Technology Fridays: Chain Core Wants to be the RedHat of the Blockchain
Welcome to Technology Fridays! Today, I would like to cover one of the platforms that has been driving the enterprise blockchain ecosystem: I am talking about Chain Core.
Many people like to compare blockchain platforms to the internet. I believe that comparison is flawed on several levels but that’s a topic for another day :). In my opinion, a better analogy for blockchain platforms can be found in the server operating system(OS) space. Specifically, I like to compare the blockchain platform space to the Linux OS ecosystem and I think we can find many interesting similarities between the evolution of those two technology movements. Just like in the Linux world, today we have several version of blockchain-based platforms that are actively trying to achieve relevance in the enterprise. Chain Core is one of the platforms leading that charge that, many times, doesn’t get the credit and visibility it deserves.

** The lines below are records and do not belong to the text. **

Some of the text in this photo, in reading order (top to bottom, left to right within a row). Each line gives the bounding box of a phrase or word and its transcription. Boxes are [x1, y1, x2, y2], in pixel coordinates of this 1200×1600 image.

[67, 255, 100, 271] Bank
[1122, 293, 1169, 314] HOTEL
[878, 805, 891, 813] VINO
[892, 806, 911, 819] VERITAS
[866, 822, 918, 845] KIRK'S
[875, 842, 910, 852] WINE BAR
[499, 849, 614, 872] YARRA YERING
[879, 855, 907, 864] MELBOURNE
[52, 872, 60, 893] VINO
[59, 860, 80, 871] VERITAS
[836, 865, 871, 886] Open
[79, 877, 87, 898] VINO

At its core, Chain Core is a software framework designed to run on permissioned blockchain networks. Chain Core’s nodes maintain a cryptographically-secured, multi-asset ledger that enables the processing of distributed assets. My favorite feature of Chain Core is its super-simple programming model which is a rarity in an ecosystem plagued with complexity. At a high level, Chain Core architects blockchain programs using a handful of fundamental constructs such as Keys, Assets, Accounts and Transactions.
Each participant in a Chain Core application requires a private key as the main authorization mechanism for the issuance and transfer of assets. Chain Core keys must be generated using an HSM( hardware security module) which can be sort of expensive but the platform includes a MockHSM API that streamlines the generation of keys in development environments.

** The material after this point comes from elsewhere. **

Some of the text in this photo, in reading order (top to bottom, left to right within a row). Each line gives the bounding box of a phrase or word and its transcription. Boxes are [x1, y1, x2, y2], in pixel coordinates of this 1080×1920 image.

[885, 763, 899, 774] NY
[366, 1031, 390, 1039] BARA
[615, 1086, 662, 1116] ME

Assets are a fundamental concept in Chain Core applications that abstract the types of value that can be processed by an endpoint. In Chain Core, an Asset definition is, essentially, a set of key-value pairs that describe its properties. When a participant issues an Asset in Chain Core, its effectively creating an instance of that definition and declaring the number of units that need to be issued.
In order to track Asset ownership, Chain Core uses the concept of Accounts. The Chain Core platform maintain a local repository that hosts the definition of the existing Accounts. That repository is local to Chain Core and is not persisted in the underlying blockchain. Instead, the blockchain ledger is used to record instances of Transactions that transfer a number of units of a specific Asset.
One of the areas in which Chain Core really innovates is the security of Assets using the concept of Control Programs. Chain Core Control Programs are a set of predicates that must be satisfied in order to process a Transaction. The platform includes several types of Control Programs such as Account Control Programs to process Asset units or Retirement Control Programs to remove an Asset from the blockchain. Developers can even create Custom Control programs using a domain specific language included in the platforms.
Like other blockchain platforms, Chain Core enables the implementation of Smart Contracts that orchestrate flows a specific Transaction flow. Chain Core’s Ivy language enables the modeling of Smart Contract using a high level, domain specific syntax. Ivy is recommended to use mostly for experimentation and not in production scenarios but is, nonetheless, a powerful addition to the Chain Core stack.
Developers can start building Chain Core application susing the platform’s API or one of its several SDKs that today include languages such as Java, Ruby or NodeJS. The SDKs make it extremely simple to assemble highly sophisticated blockchain interactions. all objects created in a Chain Core application are persisted using a JSON format and are accessible via a simple query language available in the API and SDKs.
Just like Linux, the blockchain platform ecosystem is getting really really crowded. Chain Core typically competes with tier 1 blockchain platforms such as Ethereum, IBM Hyperledger Fabric, Intel Sawtooth or R3 Corda. Domain specific blockchain platforms such as Ripple, J.P Morgan Quorum or Nasdaq Linq can also be considered part of Cain Core’s competition.